Employment Tribunal Cases - Don't Risk Them



For the unwary employer, employment law can be a highly dangerous arena. Even unsuccessful employment tribunal claims can rack up high legal costs for employers and are highly wasteful in terms of time and resources, let alone the potential damage to staff morale.

Costly employment tribunal awards can arise out of what appeared to be minor matters - including failing to follow simple disciplinary and grievance procedures. The following are examples of some fundamental employment issues as well as hints and tips to help employers avoid employment tribunal claims.

Dismissal, Disciplinary and Grievance Procedures

The Employment Act 2002 (Dispute Resolution) Regulations 2004 require all employers, regardless of size, to operate minimum statutory dismissal, disciplinary and grievance procedures.

If an employee has been employed for 12 months or more (and has not been dismissed for gross misconduct) then they are automatically entitled to receive the minimum level of formal disciplinary procedure from their employer. It is automatically unfair dismissal if an employer dismisses an employee without following the appropriate statutory procedure. The employment tribunal system does not allow employees to bring a claim if they have not firstly exhausted any available internal grievance procedures.

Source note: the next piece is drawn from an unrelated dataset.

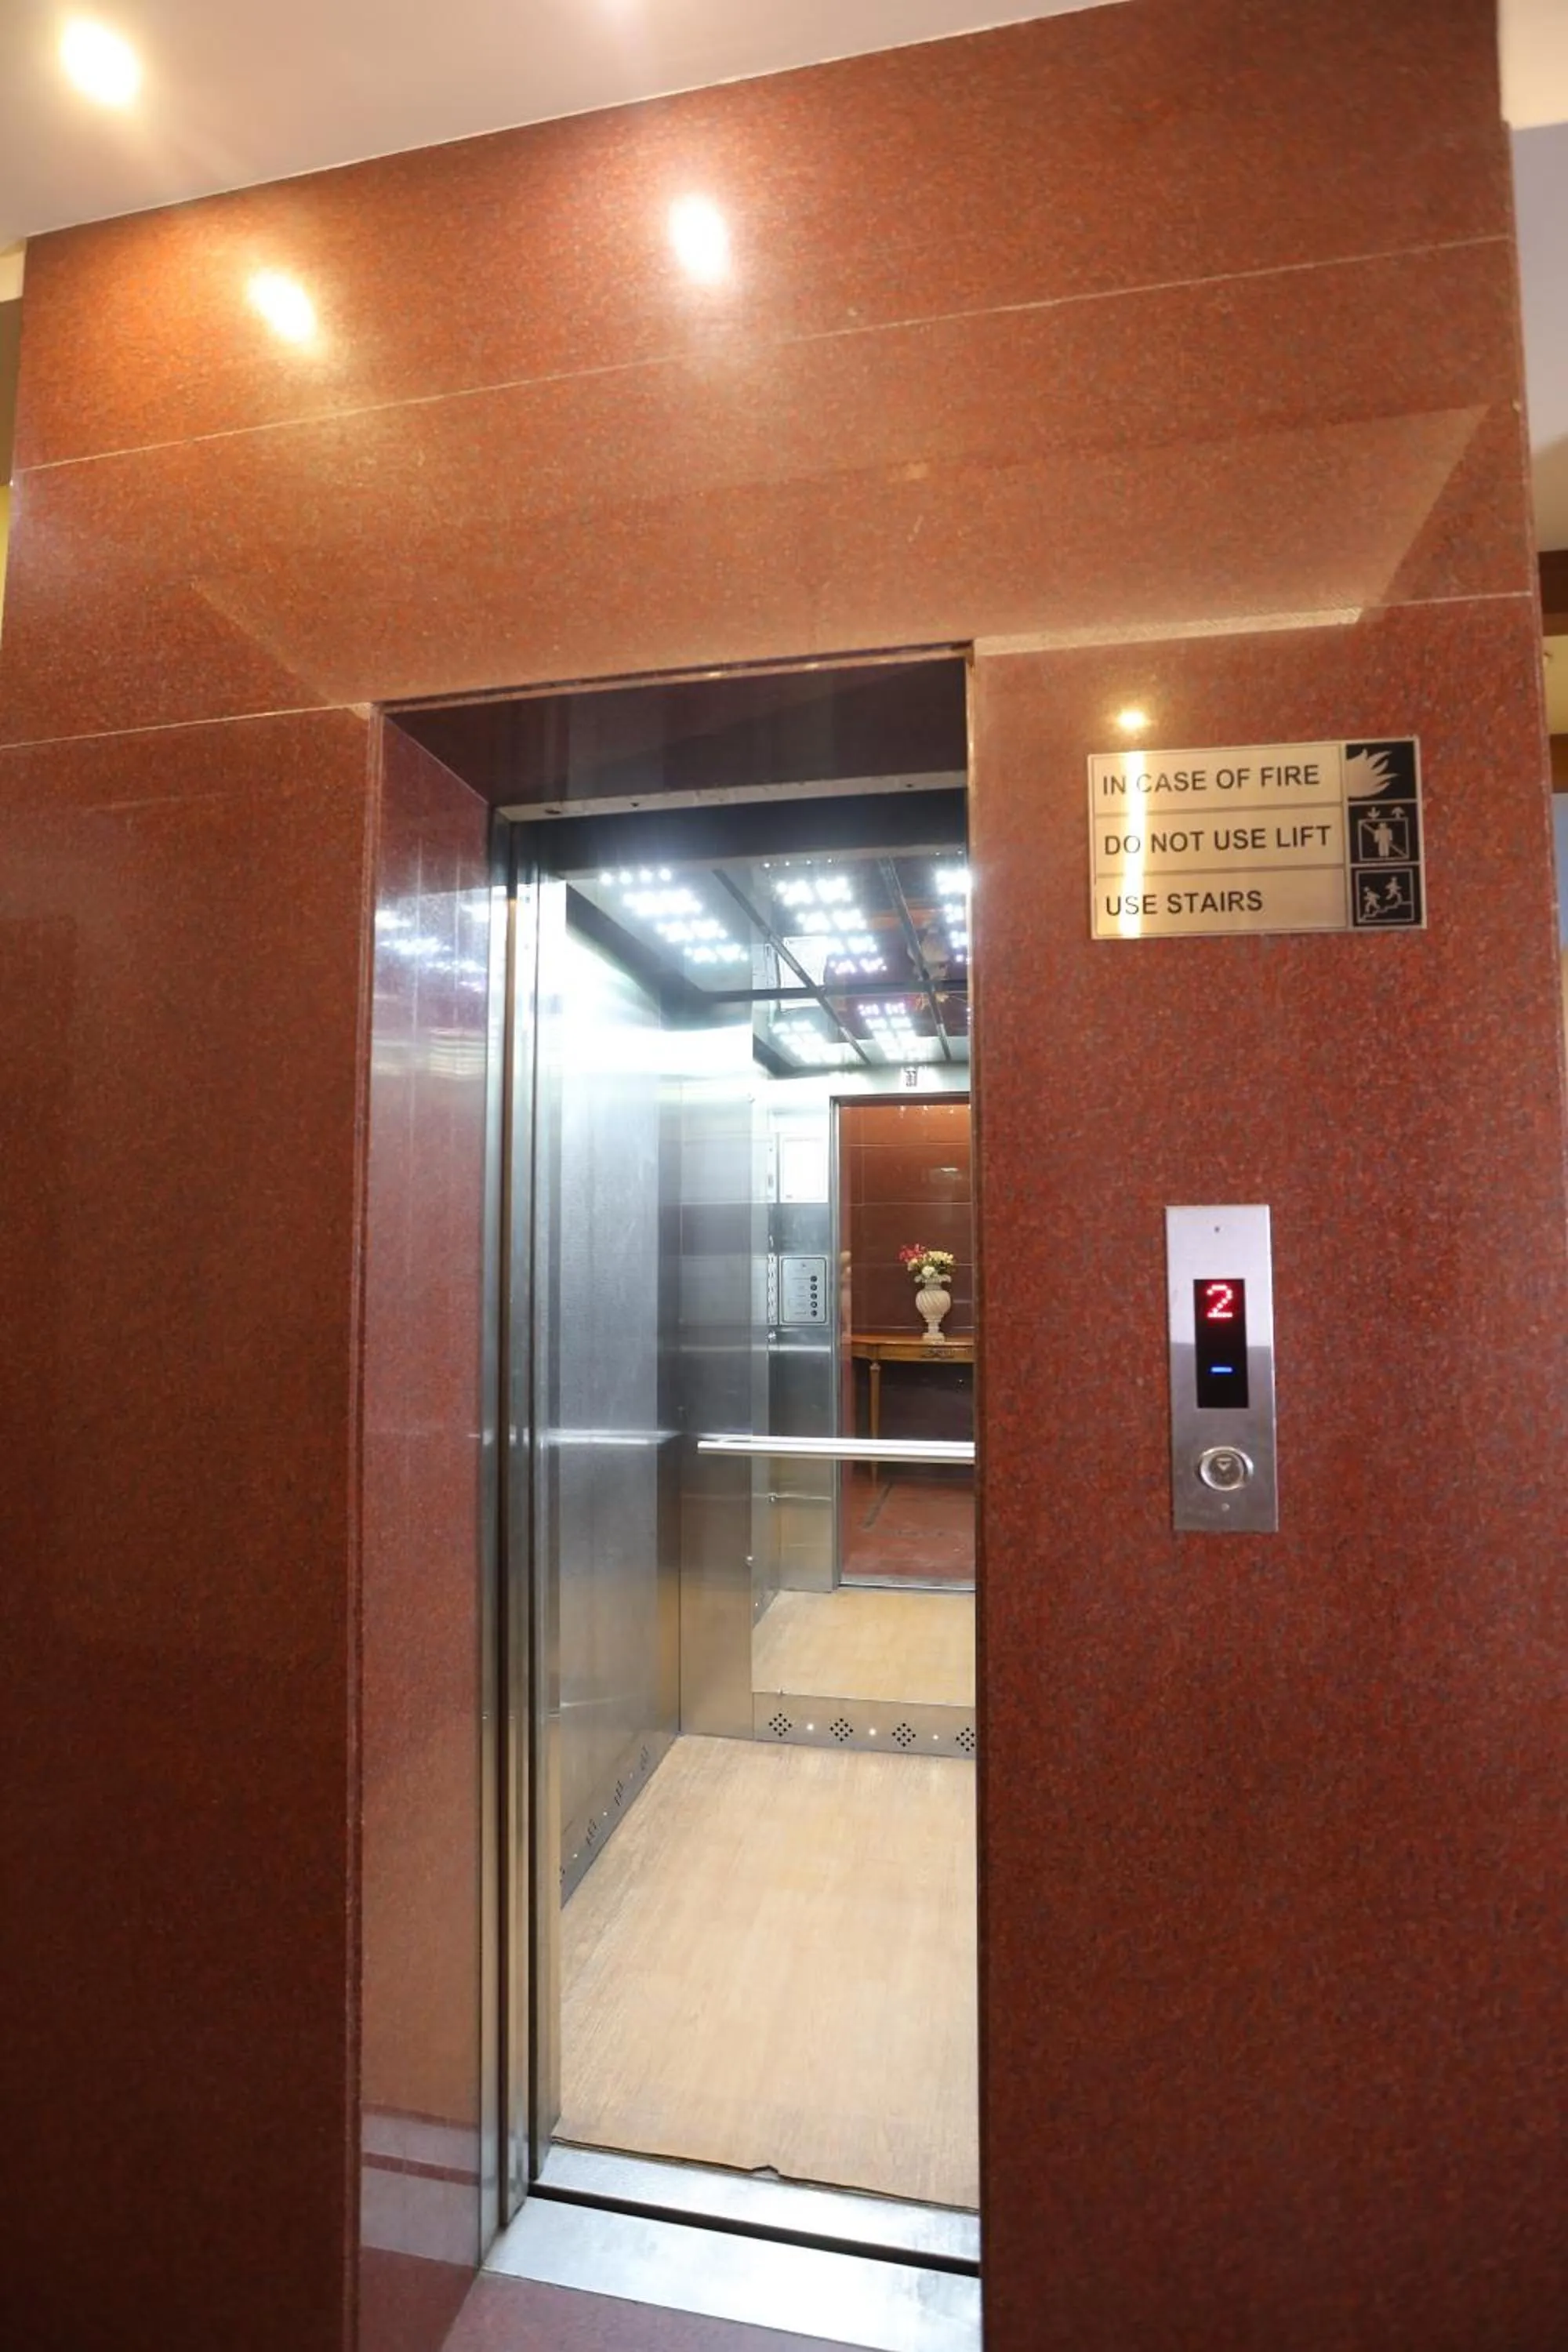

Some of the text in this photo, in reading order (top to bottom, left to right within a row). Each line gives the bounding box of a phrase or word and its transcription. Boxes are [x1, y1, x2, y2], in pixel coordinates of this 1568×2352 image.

[1102, 764, 1320, 796] IN CASE OF FIRE
[1105, 825, 1332, 855] DO NOT USE LIFT
[1105, 890, 1263, 916] USE STAIRS
[1207, 1284, 1233, 1318] 2

A careful employer should always keep a full record of what action has been taken to prove compliance with the law. The law surrounding dismissal procedures is far reaching and employers must be aware of this. They normally have to be followed not just where the termination is on the grounds of capability or conduct but also when the employer is contemplating dismissing an employee on the grounds of redundancy and non-renewal of a fixed term contract. Where it is not possible to settle a grievance internally, consider alternative methods of dispute resolution such as mediation, conciliation or arbitration as a viable alternative to legal action.

Deductions from Wages

Under the Employment Rights Act 1996 it is generally unlawful for an employer to make any deduction from the wages of a worker unless the worker has agreed to this in writing or it is required by law (e.g. deductions for PAYE and National Insurance).

Working Time

The Working Time Regulations 1998 afford basic rights and protections with regard to the number of hours worked. It is unlawful for an employer to require workers who are not governed by sector-specific provisions to work more than an average of 48 hours a week, unless an individual employee has given prior agreement to waive this right.

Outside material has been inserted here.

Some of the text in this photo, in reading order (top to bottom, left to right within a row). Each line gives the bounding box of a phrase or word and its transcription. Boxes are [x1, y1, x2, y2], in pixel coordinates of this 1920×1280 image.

Being 'on call' is normally regarded as working time under the law. There are special provisions which apply to shift work, night work, rest breaks, minimum holiday entitlement, sector-specific workers and the hours that can be worked by young workers aged 16 or 17.

Pay and Benefits

Promotion procedures and all employee benefits should be kept under review to ensure compliance with the law. As regards length of service-based pay increases, a pay system whereby employees with long service and more experience receive higher pay than those with short service and less experience does not automatically infringe the Equal Pay Act 1970, even though it is likely that the majority of those with longer service are male, but take care! Under the age discrimination legislation, benefits can be awarded on the basis of length of service where the length of service requirement is 5 years or less. Nevertheless, if an employee who has been working for six years or more claims they are being discriminated against i.e. by being paid less than another employee with less service, the employer has a responsibility to show that this is because of a legitimate business need.

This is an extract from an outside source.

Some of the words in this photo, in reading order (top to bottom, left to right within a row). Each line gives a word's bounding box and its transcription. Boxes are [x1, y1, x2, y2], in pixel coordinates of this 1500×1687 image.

Employers are required to recalculate the level of a woman's maternity pay if a pay rise takes effect at any time between the start of the reference pay period and the end of the maternity leave. Minimum wage rates change annually on 1 October. Failure to pay the minimum wage can lead to substantial fines.

Information and Consultation

The Information and Consultation of Employees Regulations 2004 give employees of organisations with more than a specified number of employees the legal right to be provided with information about and be consulted on major business decisions which affect them at work.

The legislation makes it possible for employers to be more flexible with their employees and to come to arrangements that are appropriate for their business needs.

Agreements that have been made between the employer and employee are permitted to continue.

Where there aren't any existing arrangements, the onus is on employees to ask for information and consultation agreements to be put in place.

Employers will be obliged to comply with the request if it is supported by 10 per cent of the workforce.

All employers are required to consult on Health and Safety matters, with any elected safety representatives or with employees themselves, and in certain business transfer and redundancy situations.

Unless you're absolutely certain of your legal position, any careful employer would be well advised to seek legal advice from specialist employment solicitors if any of these issues arise.